── Listed records ──

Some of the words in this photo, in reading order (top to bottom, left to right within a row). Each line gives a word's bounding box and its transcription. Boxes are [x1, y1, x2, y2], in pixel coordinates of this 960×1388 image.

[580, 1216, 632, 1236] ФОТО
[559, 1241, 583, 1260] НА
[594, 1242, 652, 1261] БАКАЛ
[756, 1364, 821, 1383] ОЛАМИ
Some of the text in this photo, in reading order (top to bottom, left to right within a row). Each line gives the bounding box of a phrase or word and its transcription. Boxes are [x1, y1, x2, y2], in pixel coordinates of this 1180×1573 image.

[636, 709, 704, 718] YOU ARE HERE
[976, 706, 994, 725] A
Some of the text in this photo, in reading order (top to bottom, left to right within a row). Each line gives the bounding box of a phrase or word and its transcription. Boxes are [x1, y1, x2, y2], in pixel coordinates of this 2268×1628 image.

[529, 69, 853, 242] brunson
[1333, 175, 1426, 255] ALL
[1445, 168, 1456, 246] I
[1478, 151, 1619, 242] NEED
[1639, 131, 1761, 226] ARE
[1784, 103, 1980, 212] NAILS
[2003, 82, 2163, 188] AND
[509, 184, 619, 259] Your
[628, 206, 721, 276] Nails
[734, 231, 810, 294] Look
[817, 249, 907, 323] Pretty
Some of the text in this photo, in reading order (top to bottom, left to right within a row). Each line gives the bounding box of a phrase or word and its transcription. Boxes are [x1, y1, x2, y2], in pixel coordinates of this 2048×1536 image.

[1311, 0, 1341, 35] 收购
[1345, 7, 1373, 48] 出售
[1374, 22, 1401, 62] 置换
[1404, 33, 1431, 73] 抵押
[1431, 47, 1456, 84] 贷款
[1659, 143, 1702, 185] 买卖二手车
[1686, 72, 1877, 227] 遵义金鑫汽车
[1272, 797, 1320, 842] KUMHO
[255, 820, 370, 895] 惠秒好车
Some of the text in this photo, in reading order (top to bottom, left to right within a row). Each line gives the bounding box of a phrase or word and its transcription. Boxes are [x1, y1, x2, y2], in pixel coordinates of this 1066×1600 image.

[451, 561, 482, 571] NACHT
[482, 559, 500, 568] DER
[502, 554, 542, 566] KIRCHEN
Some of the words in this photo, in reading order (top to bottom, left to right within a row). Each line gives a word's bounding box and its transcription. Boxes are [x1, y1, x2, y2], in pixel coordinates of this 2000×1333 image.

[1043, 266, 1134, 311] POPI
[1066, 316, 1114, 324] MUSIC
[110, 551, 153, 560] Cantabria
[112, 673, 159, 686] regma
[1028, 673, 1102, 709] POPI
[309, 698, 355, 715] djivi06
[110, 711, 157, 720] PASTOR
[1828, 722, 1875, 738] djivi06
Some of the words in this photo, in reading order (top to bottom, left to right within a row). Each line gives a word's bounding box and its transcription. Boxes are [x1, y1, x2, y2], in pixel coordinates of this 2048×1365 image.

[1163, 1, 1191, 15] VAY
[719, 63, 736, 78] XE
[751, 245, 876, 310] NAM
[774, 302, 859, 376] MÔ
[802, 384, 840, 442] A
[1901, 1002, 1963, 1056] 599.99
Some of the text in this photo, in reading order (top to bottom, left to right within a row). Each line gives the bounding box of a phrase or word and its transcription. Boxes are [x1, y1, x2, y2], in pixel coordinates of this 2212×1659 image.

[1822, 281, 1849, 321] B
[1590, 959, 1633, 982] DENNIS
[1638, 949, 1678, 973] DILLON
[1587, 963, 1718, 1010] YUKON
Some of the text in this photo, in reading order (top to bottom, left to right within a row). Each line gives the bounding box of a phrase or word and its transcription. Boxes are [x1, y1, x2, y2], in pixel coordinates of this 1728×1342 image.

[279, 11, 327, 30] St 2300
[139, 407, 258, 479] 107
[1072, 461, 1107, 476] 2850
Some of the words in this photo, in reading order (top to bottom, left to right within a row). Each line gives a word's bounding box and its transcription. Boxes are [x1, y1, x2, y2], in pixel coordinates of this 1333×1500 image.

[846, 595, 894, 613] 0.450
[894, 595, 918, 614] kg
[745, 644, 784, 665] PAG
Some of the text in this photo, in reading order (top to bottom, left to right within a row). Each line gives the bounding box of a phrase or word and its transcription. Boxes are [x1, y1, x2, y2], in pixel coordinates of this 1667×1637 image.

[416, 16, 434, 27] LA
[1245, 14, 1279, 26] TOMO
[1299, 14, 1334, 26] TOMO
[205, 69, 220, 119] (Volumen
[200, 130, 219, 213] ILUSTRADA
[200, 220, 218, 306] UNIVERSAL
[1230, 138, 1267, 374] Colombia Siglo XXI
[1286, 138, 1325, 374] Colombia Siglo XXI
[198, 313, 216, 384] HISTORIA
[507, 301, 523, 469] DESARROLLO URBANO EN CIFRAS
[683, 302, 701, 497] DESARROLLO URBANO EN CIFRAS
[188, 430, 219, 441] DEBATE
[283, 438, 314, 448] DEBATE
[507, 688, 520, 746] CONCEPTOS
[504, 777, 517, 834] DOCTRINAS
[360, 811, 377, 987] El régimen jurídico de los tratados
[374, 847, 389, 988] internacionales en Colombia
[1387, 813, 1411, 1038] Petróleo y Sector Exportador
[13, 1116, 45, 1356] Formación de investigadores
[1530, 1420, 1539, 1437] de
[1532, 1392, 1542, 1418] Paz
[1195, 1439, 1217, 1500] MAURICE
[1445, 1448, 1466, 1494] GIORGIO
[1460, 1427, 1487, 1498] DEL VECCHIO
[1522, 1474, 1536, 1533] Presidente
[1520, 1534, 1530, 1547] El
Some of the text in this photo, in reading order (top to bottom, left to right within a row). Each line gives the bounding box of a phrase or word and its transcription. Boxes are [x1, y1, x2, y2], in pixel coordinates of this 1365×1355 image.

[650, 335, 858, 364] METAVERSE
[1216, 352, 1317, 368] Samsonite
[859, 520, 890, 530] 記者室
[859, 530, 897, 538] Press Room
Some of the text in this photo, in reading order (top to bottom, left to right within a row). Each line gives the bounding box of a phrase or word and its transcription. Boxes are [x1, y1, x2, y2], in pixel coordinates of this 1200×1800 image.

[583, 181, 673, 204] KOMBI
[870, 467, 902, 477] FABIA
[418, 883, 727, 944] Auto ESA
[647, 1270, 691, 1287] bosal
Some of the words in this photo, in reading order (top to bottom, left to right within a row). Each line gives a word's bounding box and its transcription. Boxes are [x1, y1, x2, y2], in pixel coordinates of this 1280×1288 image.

───

* Assigned task:
Return all of the above records exactly, leaving no line out.

* Written reply:
Some of the words in this photo, in reading order (top to bottom, left to right within a row). Each line gives a word's bounding box and its transcription. Boxes are [x1, y1, x2, y2], in pixel coordinates of this 960×1388 image.

[580, 1216, 632, 1236] ФОТО
[559, 1241, 583, 1260] НА
[594, 1242, 652, 1261] БАКАЛ
[756, 1364, 821, 1383] ОЛАМИ
Some of the text in this photo, in reading order (top to bottom, left to right within a row). Each line gives the bounding box of a phrase or word and its transcription. Boxes are [x1, y1, x2, y2], in pixel coordinates of this 1180×1573 image.

[636, 709, 704, 718] YOU ARE HERE
[976, 706, 994, 725] A
Some of the text in this photo, in reading order (top to bottom, left to right within a row). Each line gives the bounding box of a phrase or word and its transcription. Boxes are [x1, y1, x2, y2], in pixel coordinates of this 2268×1628 image.

[529, 69, 853, 242] brunson
[1333, 175, 1426, 255] ALL
[1445, 168, 1456, 246] I
[1478, 151, 1619, 242] NEED
[1639, 131, 1761, 226] ARE
[1784, 103, 1980, 212] NAILS
[2003, 82, 2163, 188] AND
[509, 184, 619, 259] Your
[628, 206, 721, 276] Nails
[734, 231, 810, 294] Look
[817, 249, 907, 323] Pretty
Some of the text in this photo, in reading order (top to bottom, left to right within a row). Each line gives the bounding box of a phrase or word and its transcription. Boxes are [x1, y1, x2, y2], in pixel coordinates of this 2048×1536 image.

[1311, 0, 1341, 35] 收购
[1345, 7, 1373, 48] 出售
[1374, 22, 1401, 62] 置换
[1404, 33, 1431, 73] 抵押
[1431, 47, 1456, 84] 贷款
[1659, 143, 1702, 185] 买卖二手车
[1686, 72, 1877, 227] 遵义金鑫汽车
[1272, 797, 1320, 842] KUMHO
[255, 820, 370, 895] 惠秒好车
Some of the text in this photo, in reading order (top to bottom, left to right within a row). Each line gives the bounding box of a phrase or word and its transcription. Boxes are [x1, y1, x2, y2], in pixel coordinates of this 1066×1600 image.

[451, 561, 482, 571] NACHT
[482, 559, 500, 568] DER
[502, 554, 542, 566] KIRCHEN
Some of the words in this photo, in reading order (top to bottom, left to right within a row). Each line gives a word's bounding box and its transcription. Boxes are [x1, y1, x2, y2], in pixel coordinates of this 2000×1333 image.

[1043, 266, 1134, 311] POPI
[1066, 316, 1114, 324] MUSIC
[110, 551, 153, 560] Cantabria
[112, 673, 159, 686] regma
[1028, 673, 1102, 709] POPI
[309, 698, 355, 715] djivi06
[110, 711, 157, 720] PASTOR
[1828, 722, 1875, 738] djivi06
Some of the words in this photo, in reading order (top to bottom, left to right within a row). Each line gives a word's bounding box and its transcription. Boxes are [x1, y1, x2, y2], in pixel coordinates of this 2048×1365 image.

[1163, 1, 1191, 15] VAY
[719, 63, 736, 78] XE
[751, 245, 876, 310] NAM
[774, 302, 859, 376] MÔ
[802, 384, 840, 442] A
[1901, 1002, 1963, 1056] 599.99
Some of the text in this photo, in reading order (top to bottom, left to right within a row). Each line gives the bounding box of a phrase or word and its transcription. Boxes are [x1, y1, x2, y2], in pixel coordinates of this 2212×1659 image.

[1822, 281, 1849, 321] B
[1590, 959, 1633, 982] DENNIS
[1638, 949, 1678, 973] DILLON
[1587, 963, 1718, 1010] YUKON
Some of the text in this photo, in reading order (top to bottom, left to right within a row). Each line gives the bounding box of a phrase or word and its transcription. Boxes are [x1, y1, x2, y2], in pixel coordinates of this 1728×1342 image.

[279, 11, 327, 30] St 2300
[139, 407, 258, 479] 107
[1072, 461, 1107, 476] 2850
Some of the words in this photo, in reading order (top to bottom, left to right within a row). Each line gives a word's bounding box and its transcription. Boxes are [x1, y1, x2, y2], in pixel coordinates of this 1333×1500 image.

[846, 595, 894, 613] 0.450
[894, 595, 918, 614] kg
[745, 644, 784, 665] PAG
Some of the text in this photo, in reading order (top to bottom, left to right within a row). Each line gives the bounding box of a phrase or word and its transcription. Boxes are [x1, y1, x2, y2], in pixel coordinates of this 1667×1637 image.

[416, 16, 434, 27] LA
[1245, 14, 1279, 26] TOMO
[1299, 14, 1334, 26] TOMO
[205, 69, 220, 119] (Volumen
[200, 130, 219, 213] ILUSTRADA
[200, 220, 218, 306] UNIVERSAL
[1230, 138, 1267, 374] Colombia Siglo XXI
[1286, 138, 1325, 374] Colombia Siglo XXI
[198, 313, 216, 384] HISTORIA
[507, 301, 523, 469] DESARROLLO URBANO EN CIFRAS
[683, 302, 701, 497] DESARROLLO URBANO EN CIFRAS
[188, 430, 219, 441] DEBATE
[283, 438, 314, 448] DEBATE
[507, 688, 520, 746] CONCEPTOS
[504, 777, 517, 834] DOCTRINAS
[360, 811, 377, 987] El régimen jurídico de los tratados
[374, 847, 389, 988] internacionales en Colombia
[1387, 813, 1411, 1038] Petróleo y Sector Exportador
[13, 1116, 45, 1356] Formación de investigadores
[1530, 1420, 1539, 1437] de
[1532, 1392, 1542, 1418] Paz
[1195, 1439, 1217, 1500] MAURICE
[1445, 1448, 1466, 1494] GIORGIO
[1460, 1427, 1487, 1498] DEL VECCHIO
[1522, 1474, 1536, 1533] Presidente
[1520, 1534, 1530, 1547] El
Some of the text in this photo, in reading order (top to bottom, left to right within a row). Each line gives the bounding box of a phrase or word and its transcription. Boxes are [x1, y1, x2, y2], in pixel coordinates of this 1365×1355 image.

[650, 335, 858, 364] METAVERSE
[1216, 352, 1317, 368] Samsonite
[859, 520, 890, 530] 記者室
[859, 530, 897, 538] Press Room
Some of the text in this photo, in reading order (top to bottom, left to right within a row). Each line gives the bounding box of a phrase or word and its transcription. Boxes are [x1, y1, x2, y2], in pixel coordinates of this 1200×1800 image.

[583, 181, 673, 204] KOMBI
[870, 467, 902, 477] FABIA
[418, 883, 727, 944] Auto ESA
[647, 1270, 691, 1287] bosal
Some of the words in this photo, in reading order (top to bottom, left to right within a row). Each line gives a word's bounding box and its transcription. Boxes are [x1, y1, x2, y2], in pixel coordinates of this 1280×1288 image.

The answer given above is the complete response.